Pandemi Covid-19 bisa picu kekerasan dalam berpacaran
Kekerasan yang akan terjadi dilampiaskan melalui perangkat komunikasi secara daring (online).
Pandemi coronavirus baru (Covid-19) berpotensi meningkatkan kekerasan ranah personal, seperti kekerasan dalam berpacaran, selain di rumah tangga. Praktik pun bergeser ke ranah digital (online).
"Iya (kekerasan dalam berpacaran saat pandemi bergeser ke daring)," ucap Komisioner Komisi Nasional (Komnas) Perempuan, Siti Aminah Tardi, saat dihubungi, Jumat (17/4).
Berdasarkan catatan Komnas Perempuan 2020, kekerasan seksual ranah personal dengan pelaku pacar mencapai 1.320 kasus. Dua kali lebih banyak daripada ayah kandung (618 kasus).
Hingga saat ini, kekerasan gender berbasis siber menjadi kasus terbanyak. Terjadi 199 kasus pada Februari dan 207 kasus pada bulan lalu.

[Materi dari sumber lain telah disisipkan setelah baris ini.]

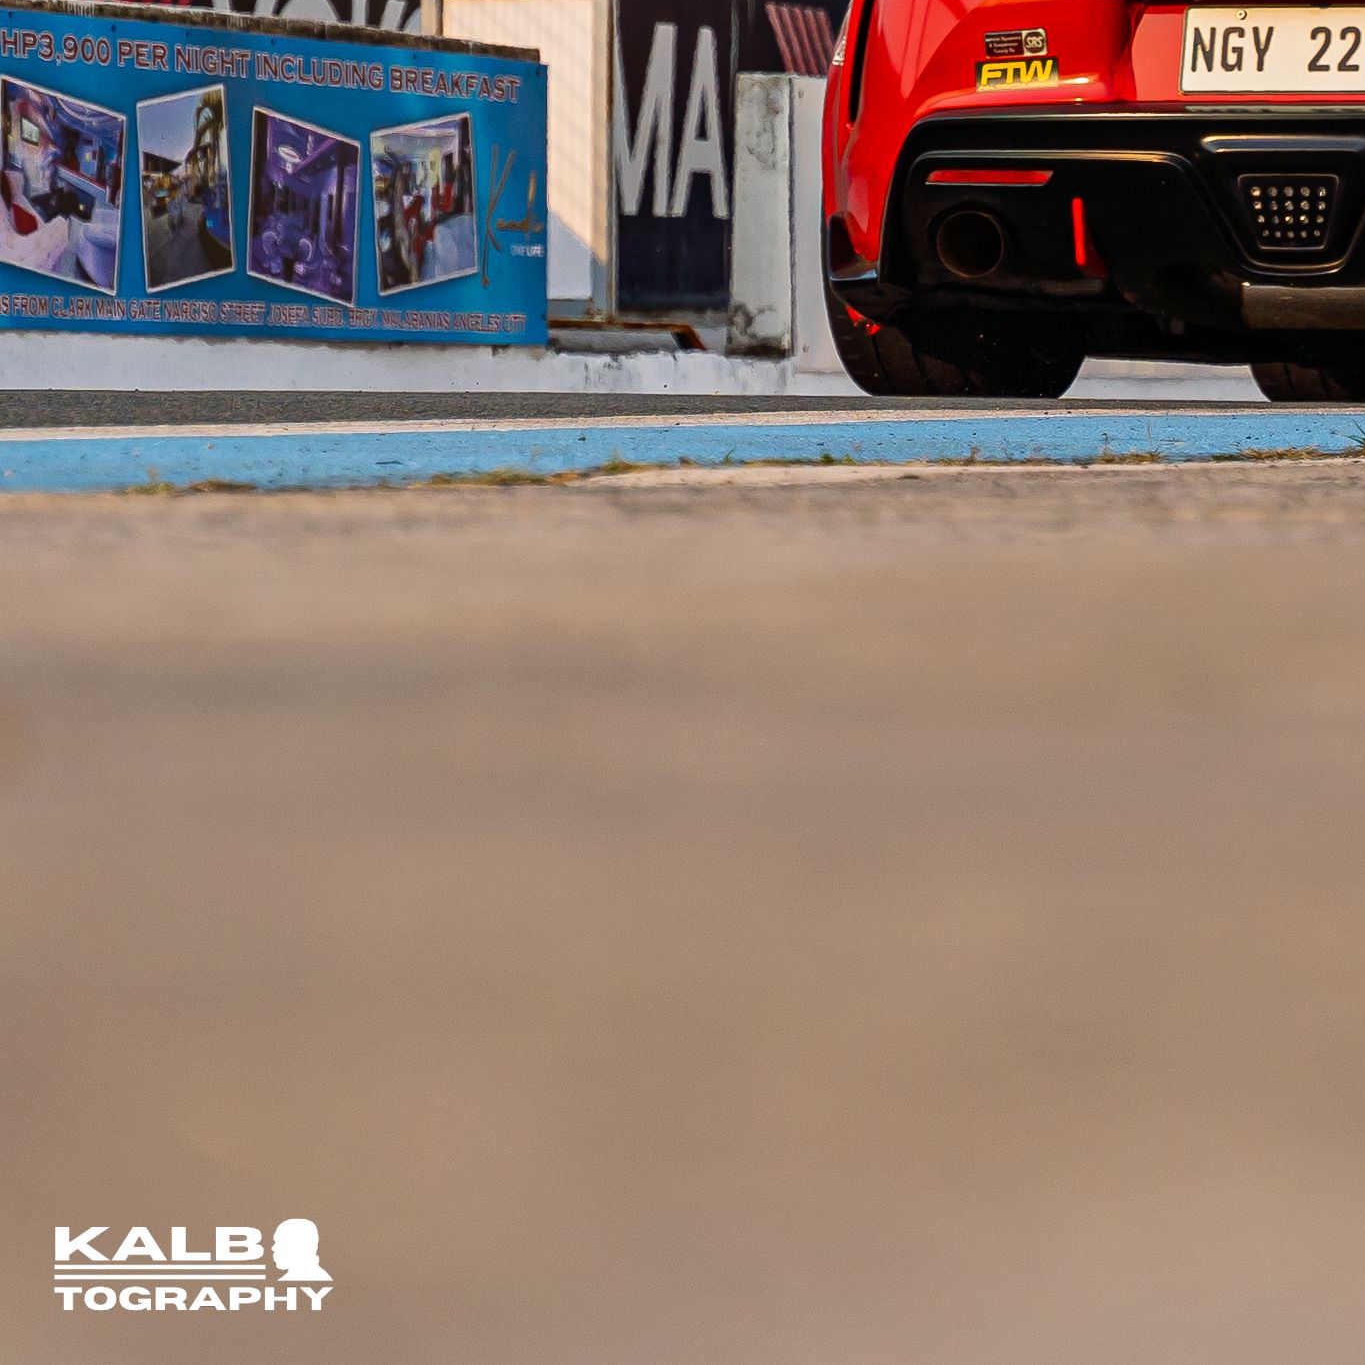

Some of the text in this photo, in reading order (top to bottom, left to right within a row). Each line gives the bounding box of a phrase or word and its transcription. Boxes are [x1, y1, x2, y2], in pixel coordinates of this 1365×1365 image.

Pemicunya, relasi laki-laki dan perempuan timpang. Dalam sistem sosial di Indonesia, laki-laki dididik mengekspresikan perasaannya secara maskulin. Misalnya, mengontrol pasangannya atau memaksa melakukan aktivitas seksual.
Sedangkan perempuan, terbebani standar moralitas terkait kesucian atau keperawanan. Kondisi tersebut dimanfaatkan laki-laki untuk memaksa kekasihnya bersedia melakukan seks.
"Misalkan, dengan ancaman akan diberitahukan ke orang tua, ke sekolah, atau di unggah di media sosial," kata Siti mencontohkan.
"Teknologi informasi digunakan untuk melakukan kekerasan. Maka, kemudian muncul pelecehan seksual online, revenge porn," imbuh dia.
Pernyataan tersebut diamini psikolog klinis sekaligus Direktur Yayasan Pulih, Nirmala Ika. Dirinya berpendapat, pandemi Covid-19 turut menyebabkan kekerasan terhadap perempuan.
Secara umum, terangnya, dorongan seksual laki-laki muncul setelah akil balig. Namun, pendidikan Indonesia cenderung untuk menyalahkan dan menahannya, dibandingkan mengelola dengan baik.
Laki-laki yang terbiasa melakukan aktivitas seksual dengan pacarnya akan sukar mengendalikan hasratnya saat pandemi Covid-19. Pangkalnya, krisis kesehatan mendorong masyarakat beraktivitas di rumah.
Kala dorongan seksual yang muncul tak bisa dikelola dengan baik, bakal memacu adrenalin. Pun berujung kekerasan siber. "Dengan video call, telepon. Semua bisa tetap terjadi. Akhirnya bisa bablas," ujarnya pada kesempatan terpisah.
Nirmala mengingatkan, situasi kacau dan serba tidak pasti karena pandemi Covid-19 juga membuat orang semakin cemas. Sehingga, pengelolaan emosinya buruk dan akan kian mudah menyalahkan pasangannya.